Qatar is OPEC’s 11th-biggest oil producer, accounting for less than 2 percent of total output, so its departure may not have a significant impact on discussions this week to cut production in conjunction with allies including Russia. Yet it sets a troubling precedent for a group that prides itself on putting shared economic interests above external politics.
Even through extreme events like the Iran-Iraq war in the 1980s or Saddam Hussein’s 1990 to 1991 occupation of Kuwait, producers still saw the benefits of retaining their membership and cooperating on oil policy.
Qatar’s departure in far less severe circumstances is testament to the declining influence of OPEC in its historical form. Since non-members started cooperating with the group in 2016, direct talks between Russia and Saudi Arabia often bypass the cartel’s traditional decision-making process. The surge in North American oil production has also shifted the balance of power away from the Middle East.

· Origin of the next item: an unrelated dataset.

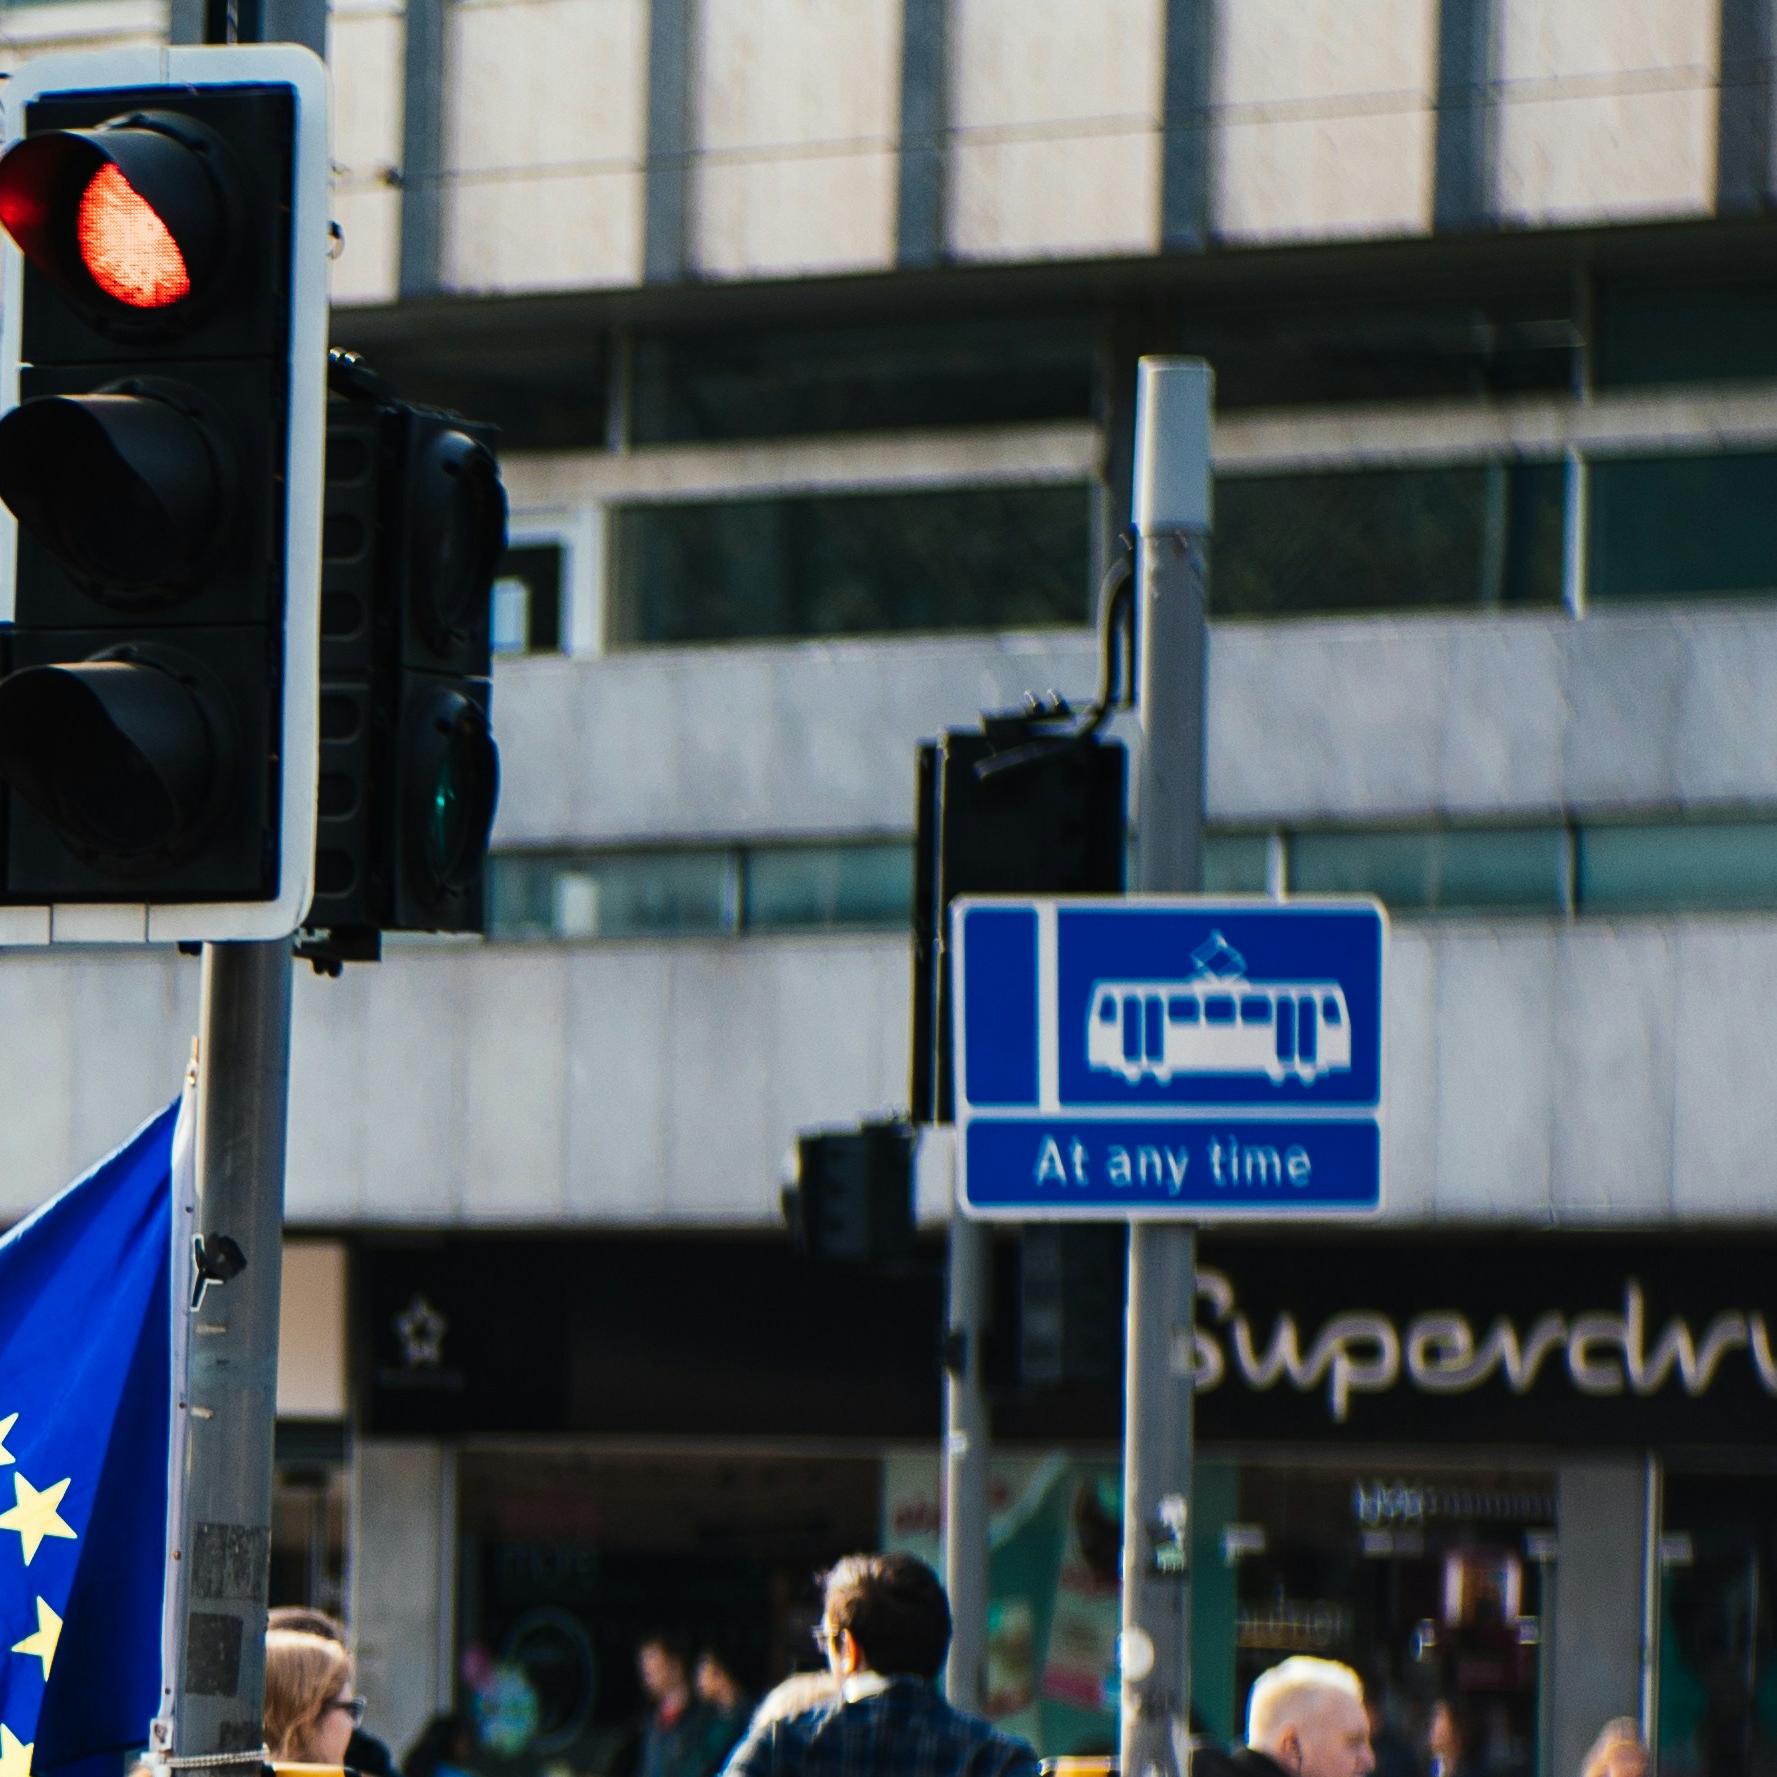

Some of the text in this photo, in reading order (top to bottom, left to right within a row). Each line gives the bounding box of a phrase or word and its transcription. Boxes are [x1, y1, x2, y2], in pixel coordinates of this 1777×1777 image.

[1033, 1133, 1312, 1196] At any time

As crude rallied by the most since June on Monday, the cause lay not with OPEC. The market was reacting to an oil deal between Saudi Crown Prince Mohammed Bin Salman and Russian President Vladimir Putin at the Group of 20 meeting in Buenos Aires, and also Canada’s decision to order an unprecedented output cut in its largest oil province.
“The withdrawal of Qatar from OPEC is a wise decision, as this organization has become useless and does not bring us anything,” Hamad bin Jassim bin Jaber Al Thani, a former prime minister and member of the country’s ruling family, said on Twitter. “It is just being used for purposes that harm our national interest.”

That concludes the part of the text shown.